Richard @ Rising Sun Performance

Gary @ GTaRt

Mark @ Abbey



I've read good stuff said about all of those guys :thumbsup:


----------



## mattysupra (Oct 31, 2008)

MGT Racing


----------



## major beeftank (Apr 23, 2008)

Paul from Zen does TR`s now

Shit hot apparently


----------



## M19 GTR (May 26, 2002)

major beeftank said:


> Paul from Zen does TR`s now
> 
> Shit hot apparently


+1, Paul from Zen does my cars and mates cars and very happy with his mapping too.

Tony:thumbsup:


----------



## Shoki (Nov 17, 2009)

Mark @ Abbey ftw! Re-did my Dads GTS after someone else 'decent' did a not so great job. Even got coffie and gingerbread while they sorted me out some part numbers that Nissan couldn't find.....what else you need? Hehe


----------



## typerchris (May 8, 2007)

if rod at rb motorsport maps this ecu then he would get my recomendation


----------



## Hja-Ozz (Oct 8, 2007)

Paul from Zen is the man or sould I say Wizard  he will be doing the Lemon soon :thumbsup:


----------



## Wills_GunR33 (May 16, 2009)

Another thumbs up for Garth @ MGT. Drove up from Bath to see them at the weekend and Garth was brilliant. Sound advice, didnt rip me off with nedless dyno time, parts etc... and sorted out the hesitation issue i had with the car. although i didnt get mine mapped he installed all the confidance in me that if i was going to, i would use him.


----------



## Staffie (Mar 16, 2006)

Paul Blamire gets my vote :thumbsup:
Zen performance is his company.
Went way beyond the call of duty setting up my car.
Do a search for "pavlo" on here and check out his posts on the 
mappiing of Rob's car, says it all really imo.

RIP Tweenie


----------



## mr mugen (Jan 11, 2007)

mark at abbey mapped my car for 95 ron before it left the uk, will be going back there when i go RB30


----------



## bigkev (Mar 2, 2008)

Paul Blamire via TR did my 32. one word.... legend


----------



## pupsi (Aug 29, 2006)

Reason why i asked for recommendations is, if i require any mapping done in the future i'll know in which direction to head for. I don't know who mapped my car and the HKS EVC 6 boost controller, it was done via TR Racing. 
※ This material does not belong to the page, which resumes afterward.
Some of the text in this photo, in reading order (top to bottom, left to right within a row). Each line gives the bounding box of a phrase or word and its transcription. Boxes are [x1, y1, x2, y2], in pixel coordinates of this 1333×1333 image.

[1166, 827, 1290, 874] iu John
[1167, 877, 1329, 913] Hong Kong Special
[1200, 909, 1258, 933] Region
I'm contented with the way its turned out (mapping) except for the mapping on the fuel side, something wrong there somewhere. On a full tank of Shells finest (optimax) 99 ron and with me driving off boost 95% of the time, (town driving) i'm getting a return of roughly 80-90 miles. I've filled up the tank on two occasions to work out what mileage i'm getting and 80-90 miles is what its returning. I've been told that i should be seeing about 200-220 miles to a tankfull on a properly tuned car with the same spec.

Its a U.K R33 GTR with a RIPs RB30/26, 1000cc injectors, Garrett T04z, Tomei 280, 10.8 lift, with the OS Giken 1-5 close ratio gearbox, RIPs swirlpot fuel system running twin Bosch 044's. ECU is an HKS F-Con Pro Gold, with the red sticker. On the original map (Tweenierob mapped "R.I.P".) when the engine was installed, it was 740bhp at the fly and just short of 600 ft/lb of torque.

There are no fuel leaks or any other leaks for that matter anywhere, i've gone over the car with a fine toothcomb.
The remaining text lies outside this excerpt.